First Run
Your first conversation with Chvor and the brain canvas.
5 min read
First Run
You have Chvor installed and the server is running. This guide walks you through your first interaction — from opening the UI to watching the Brain Canvas react to a live conversation.
What you see at localhost:5173
When you open http://localhost:5173, Chvor loads with two main areas:
- The Brain Canvas — a full-screen, node-based visualization that takes up most of the viewport. It starts mostly dark, with a few idle nodes representing your AI’s core systems (memory, tools, active channels).
- The Chat Panel — a collapsible panel on the right side where you type messages and read responses.
If this is a fresh install, the canvas will be sparse. That is normal. It populates as you interact with the system, add tools, connect channels, and build up conversational memory.
The Brain Canvas explained
The Brain Canvas is not decorative — it is a live map of your AI’s state. Each node represents something real:
| Node Type | What It Represents | Visual Cue |
|---|---|---|
| Core | The central LLM processing node | Large, always visible |
| Memory | Long-term memory storage | Pulses when memories are read or written |
| Channel | A connected communication channel (Web, Telegram, etc.) | Lights up on incoming messages |
| Tool | An MCP tool or custom skill | Flashes when invoked during a response |
| Skill | A custom skill you have defined | Distinct color, linked to Core |
Edges between nodes show data flow. When a message arrives on a channel, you can watch it travel from the Channel node through Core, branch out to Tools or Memory, and flow back as a response.
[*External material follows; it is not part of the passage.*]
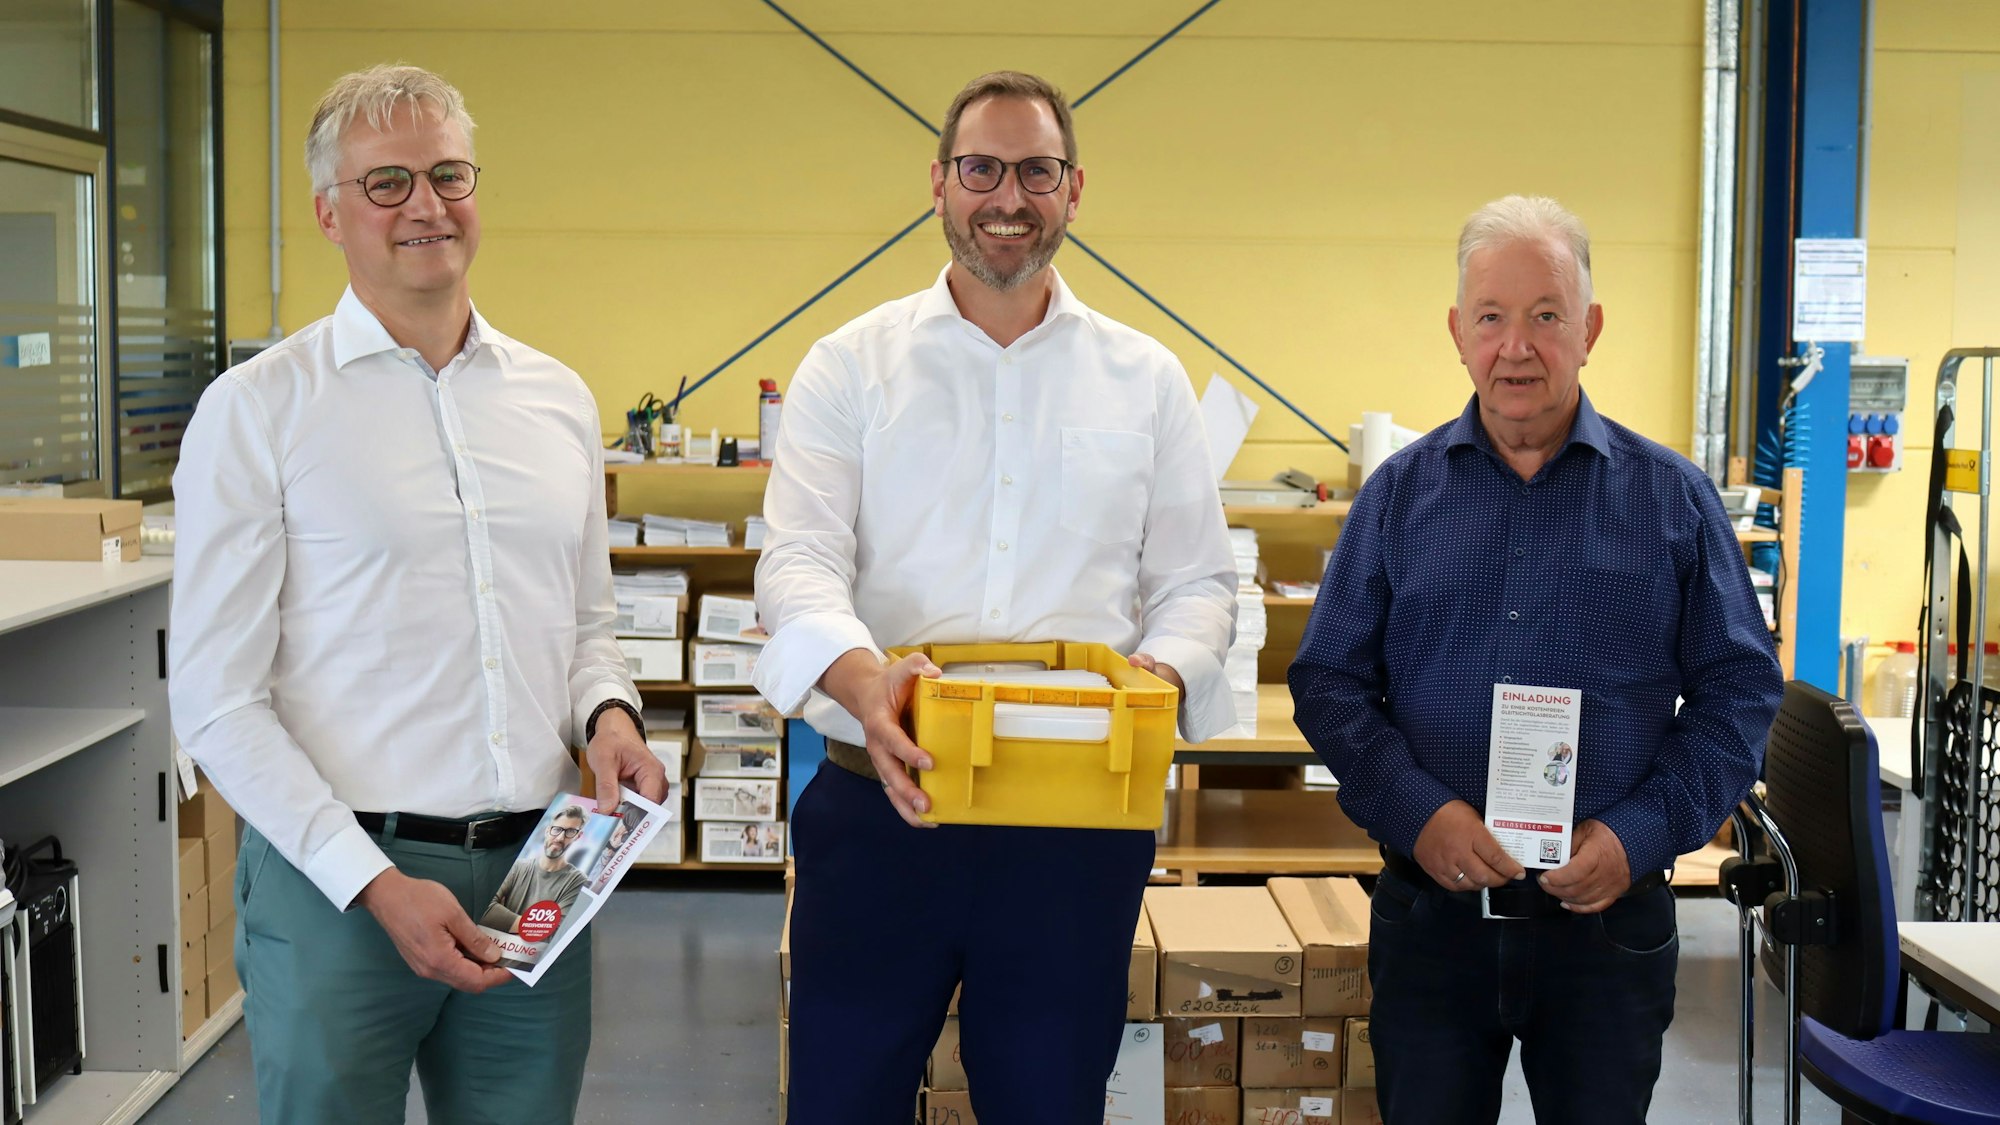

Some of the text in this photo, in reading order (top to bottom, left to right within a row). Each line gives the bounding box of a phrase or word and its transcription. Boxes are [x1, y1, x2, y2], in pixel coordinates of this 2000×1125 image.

Hover over any node to see its current status. Click a node to open its detail panel — this is where you can inspect tool call logs, memory entries, or channel configuration.
Starting your first conversation
- Click the Chat Panel on the right side (or press
/to focus it). - Type a message. Something simple is fine:
Hello! What can you do?
- Press Enter or click the send button.
The AI responds using whichever LLM provider you configured during installation. The response streams in token-by-token, and you can see the Core node on the canvas pulse as it generates.
Try something that uses tools
If you want to see the canvas light up more dramatically, ask something that triggers tool usage:
What time is it right now?
or
Remember that my favorite programming language is Rust.
The first query invokes a tool (you will see the Tool node flash). The second writes to memory (the Memory node pulses). Both show data flowing across the canvas in real time.
Watching the canvas light up
As the conversation progresses, notice how the canvas evolves:
- New edges appear when the AI accesses a tool or memory for the first time in a session.
- Node intensity increases proportionally to how active that component is.
- The Core node color shifts based on the current processing state — thinking, generating, idle.
You can zoom and pan the canvas with your mouse (scroll to zoom, click-drag to pan). On touch devices, pinch and drag work as expected.
Canvas controls
The toolbar in the top-left corner of the canvas provides:
- Zoom to fit — reframes the view to show all active nodes.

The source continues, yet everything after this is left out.